Multi-Lingual Malaysian Embedding: Leveraging Large Language Models for Semantic Representations

Husein Zolkepli,Aisyah Razak,Kamarul Adha,Ariff Nazhan
2024-02-05
Abstract:In this work, we present a comprehensive exploration of finetuning Malaysian language models, specifically Llama2 and Mistral, on embedding tasks involving negative and positive pairs. We release two distinct models tailored for Semantic Similarity and Retrieval-Augmented Generation (RAG).
Computation and Language,Machine Learning
What problem does this paper attempt to address?
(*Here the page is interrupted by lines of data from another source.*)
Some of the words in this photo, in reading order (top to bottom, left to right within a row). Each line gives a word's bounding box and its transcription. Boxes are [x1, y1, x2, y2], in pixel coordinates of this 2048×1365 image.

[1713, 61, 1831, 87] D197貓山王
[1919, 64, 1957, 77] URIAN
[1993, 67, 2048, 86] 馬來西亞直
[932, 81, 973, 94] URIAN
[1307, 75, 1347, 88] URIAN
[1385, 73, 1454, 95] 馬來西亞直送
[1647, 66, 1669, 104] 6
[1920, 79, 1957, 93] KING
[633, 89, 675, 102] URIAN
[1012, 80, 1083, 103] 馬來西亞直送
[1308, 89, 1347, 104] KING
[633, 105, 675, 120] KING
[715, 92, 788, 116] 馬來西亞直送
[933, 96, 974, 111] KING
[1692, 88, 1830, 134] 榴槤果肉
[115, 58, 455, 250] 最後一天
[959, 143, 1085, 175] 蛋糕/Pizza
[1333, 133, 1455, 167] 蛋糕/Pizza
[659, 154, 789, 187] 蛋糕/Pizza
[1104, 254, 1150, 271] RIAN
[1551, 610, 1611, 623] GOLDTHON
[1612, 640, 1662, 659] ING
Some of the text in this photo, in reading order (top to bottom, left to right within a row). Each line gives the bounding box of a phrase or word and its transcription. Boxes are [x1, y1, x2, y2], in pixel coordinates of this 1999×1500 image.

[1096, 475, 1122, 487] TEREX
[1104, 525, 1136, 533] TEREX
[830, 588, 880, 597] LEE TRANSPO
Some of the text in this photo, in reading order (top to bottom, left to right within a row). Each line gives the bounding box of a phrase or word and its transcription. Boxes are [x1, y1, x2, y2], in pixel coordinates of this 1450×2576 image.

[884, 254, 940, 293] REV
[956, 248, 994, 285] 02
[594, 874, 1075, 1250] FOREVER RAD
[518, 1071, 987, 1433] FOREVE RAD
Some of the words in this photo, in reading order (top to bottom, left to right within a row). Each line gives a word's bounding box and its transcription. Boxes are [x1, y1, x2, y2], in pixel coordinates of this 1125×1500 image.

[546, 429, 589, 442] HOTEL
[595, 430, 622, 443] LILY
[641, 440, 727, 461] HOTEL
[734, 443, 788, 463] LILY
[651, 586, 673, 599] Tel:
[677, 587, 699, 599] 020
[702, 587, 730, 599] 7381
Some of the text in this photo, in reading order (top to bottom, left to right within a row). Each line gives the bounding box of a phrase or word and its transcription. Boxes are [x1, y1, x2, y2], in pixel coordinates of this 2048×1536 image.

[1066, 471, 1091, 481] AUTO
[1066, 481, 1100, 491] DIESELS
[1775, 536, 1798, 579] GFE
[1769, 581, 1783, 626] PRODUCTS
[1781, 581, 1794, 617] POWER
The main goal of this paper is to address the performance deficiencies of the Malay language in semantic embedding and Retrieval-Augmented Generation (RAG) tasks. Specifically, the research team developed an open-source embedding model for the Malay language to replace existing closed-source solutions, such as OpenAI's text-embedding-ada-002 model. This model aims to improve the performance of the Malay language in various application scenarios, particularly in semantic similarity and RAG tasks. The specific methods used to address the problem in the paper are as follows: 1. **Hard Mining Dataset**: - Utilize OpenAI's text-embedding-ada-002 model and Beijing Academy of Artificial Intelligence's bge-large-en model to convert Malay text into embedding representations. - Use hard mining techniques to optimize these embedding representations, improving their quality and relevance. 2. **Synthetic RAG Dataset**: - Use synthetic question-answer pairs to enhance semantic retrieval capabilities, ensuring the model can understand complex contextual relationships. 3. **Fine-Tuning Large-Scale Language Models**: - Fine-tune Llama2 models with different parameter scales (600 million, 1 billion, and 2 billion parameters), extract the initial N layers, and continue pre-training to adapt to different embedding needs. Through these methods, the research team hopes to enhance the performance of the Malay language in the field of natural language processing, promoting innovation and development in this area. Experimental results show that the newly developed model performs excellently in semantic similarity and RAG tasks across multiple test sets, outperforming existing closed-source models.